The National Party, which rode a platform of apartheid -- forced racial segregation -- to power in 1948 and has ruled ever since, is split by wholesale defections on its right flank.
The Dutch Reformed Church, which preached apartheid as God's word, is riddled with ministers who reject it, though most don't seem sure what to preach in its place.
The Afrikaner Broederbond, or ``Band of Brothers'' -- which promoted Afikaners' separate identity, and acted as think tank and mass propagandist for National Party governments -- is split like the party. Once shrouded in secrecy, it is harried by leaks. Once self-confident, it seems as confused as those it embraces.
And many at Stellenbosch University -- Afrikanerdom's Oxford, and the ideological wellspring of apartheid -- now treat apartheid as if it is a dirty word.
One thing still seems to unite Afrikaners. It is a sense that unless they come to terms with South Africa's black majority, not only Afrikaner dominance but Afrikaner survival is threatened. ``It is fear that determines political thinking today,'' says Prof. Willem Kleynhans, who rejected apartheid before rejection came into fashion, and was ostracized for it. ``The fear,'' he adds, ``is growing by the day.''
But the dream of apartheid is slowly dying. The Afrikaner leaders who came after the slain Hendrik Verwoerd, apartheid's grand ideologist, lacked the intellect, single-mindedness, and personal authority to keep the dream pure against political and economic realities at home and opposition from abroad.
The retreat began on tiptoe at the end of the 1960s. Prime Minister John Vorster, by agreeing to inclusion of a nonwhite on a visiting rugby team, sullied the Verwoerdian principle that all racial mixing was heresy.

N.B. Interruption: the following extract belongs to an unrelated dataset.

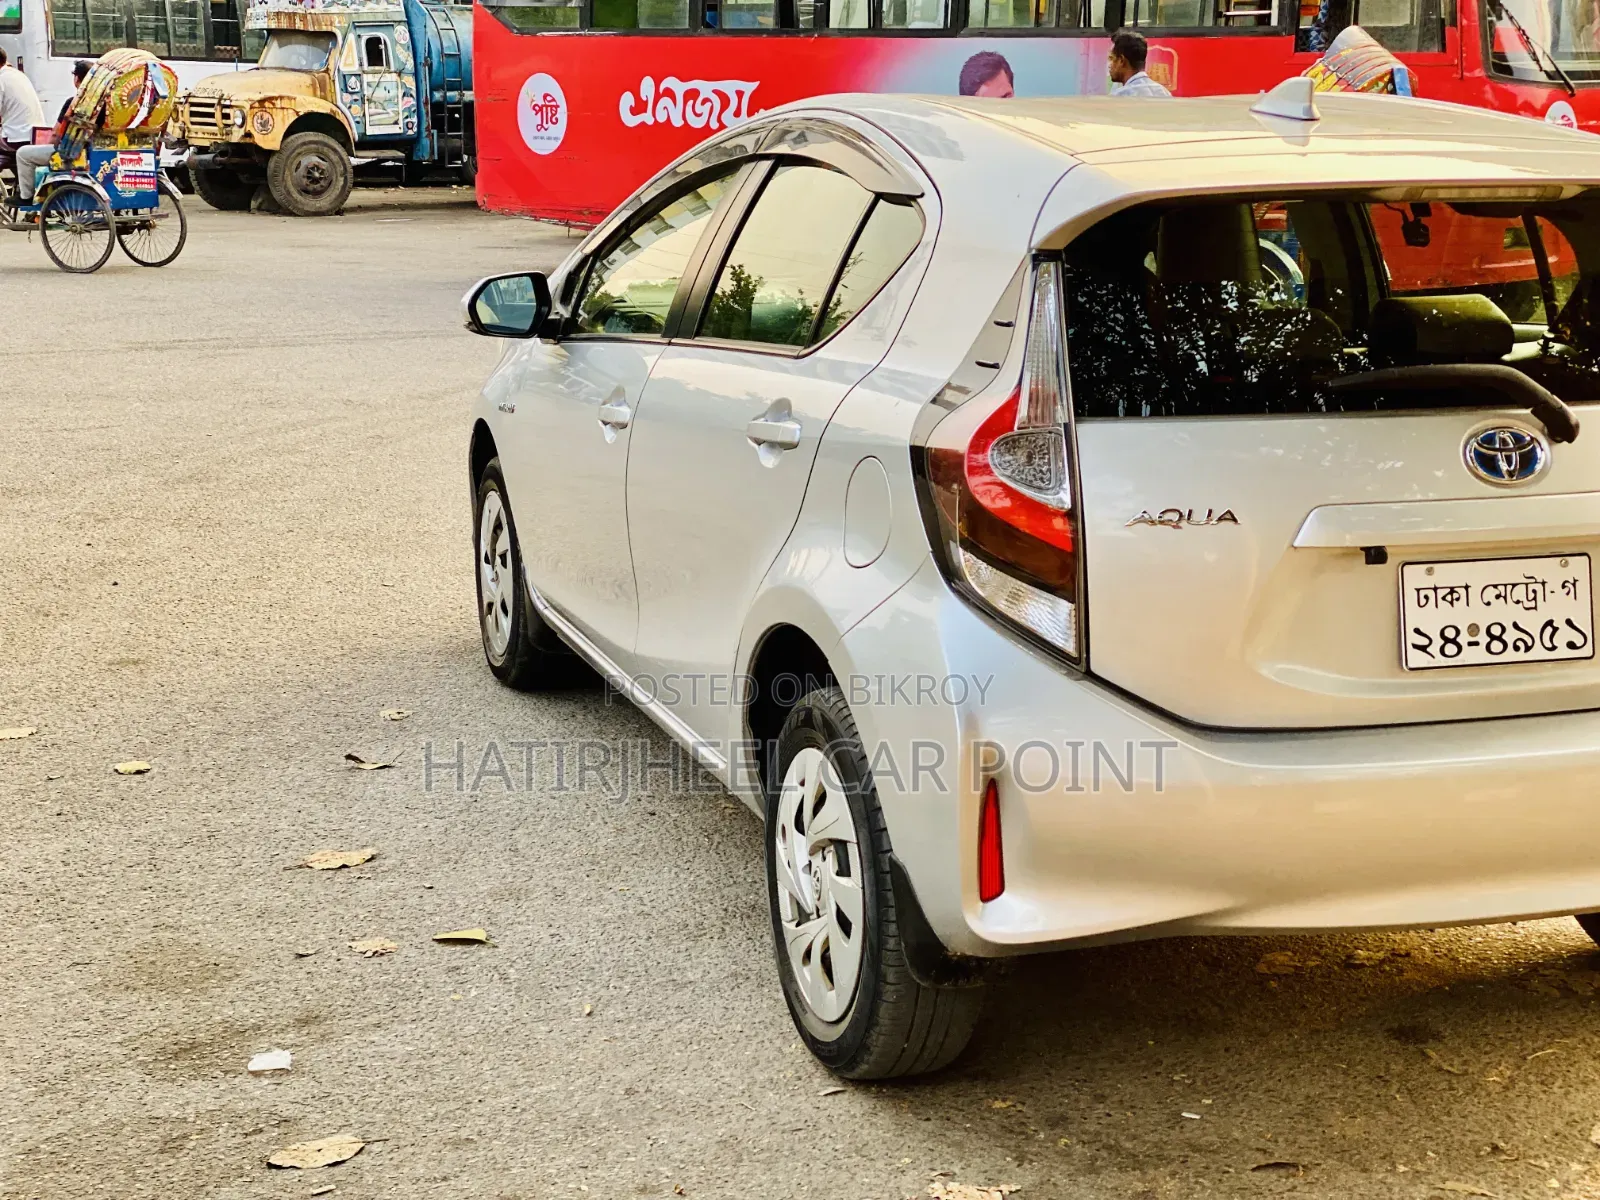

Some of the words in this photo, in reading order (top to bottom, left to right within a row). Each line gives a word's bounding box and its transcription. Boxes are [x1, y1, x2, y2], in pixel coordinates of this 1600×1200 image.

This was only the beginning. At Stellenbosch, Afrikanerdom's intelligentsia took a hard look at the ideology its fathers had helped devise and discovered it didn't, couldn't -- even shouldn't -- work. Professors began questioning or rejecting its tenets in the 1970s.
Many students, and most parents, were enraged. ``There was, and still is, a profound conservatism, nationalism, and authoritarianism in Stellenbosch students,'' one student says. But in the '70s, he adds: ``Intellectually, there was growing admiration for the professors who challenged apartheid.''
Another student, Hilgard Bell, did not take part in such admiration. His father had reared him to practice apartheid, not undo it. But his professors, he recalls, ``taught us to question, to probe.'' Before joining the Broederbond he questioned its ideology. And ``I realized that the members accepted values that I could not live by,'' he says.
In the church, others reached the same conclusion. Beyers Naude, a minister whose father was a founding light of the Broederbond -- quit the organization in 1963. For years he was a pariah. But by 1970 a few began to follow.
Nico Smith, a professor at Stellenbosch's Theological Seminary and a Broederbond member, recalls: ``Often I would come home from meetings feeling that I could not participate any longer. But I could not bring myself to leave. It would have amounted to committing social suicide!''
One evening in the late 1960s he finally stood up at a Broederbond debate and said, ``I can't stay in this organization.'' The others implored him to stay, but he walked out. ``I had such an enormous sense of freedom that night!''
But similar change was hard to find among other citizens. The Afrikaner revolution had succeeded too well. Before 1948, only some 30 percent of white-collar workers were Afrikaner. By the 1970s the figure topped 60 percent. Many of them worked, directly or indirectly, for the government.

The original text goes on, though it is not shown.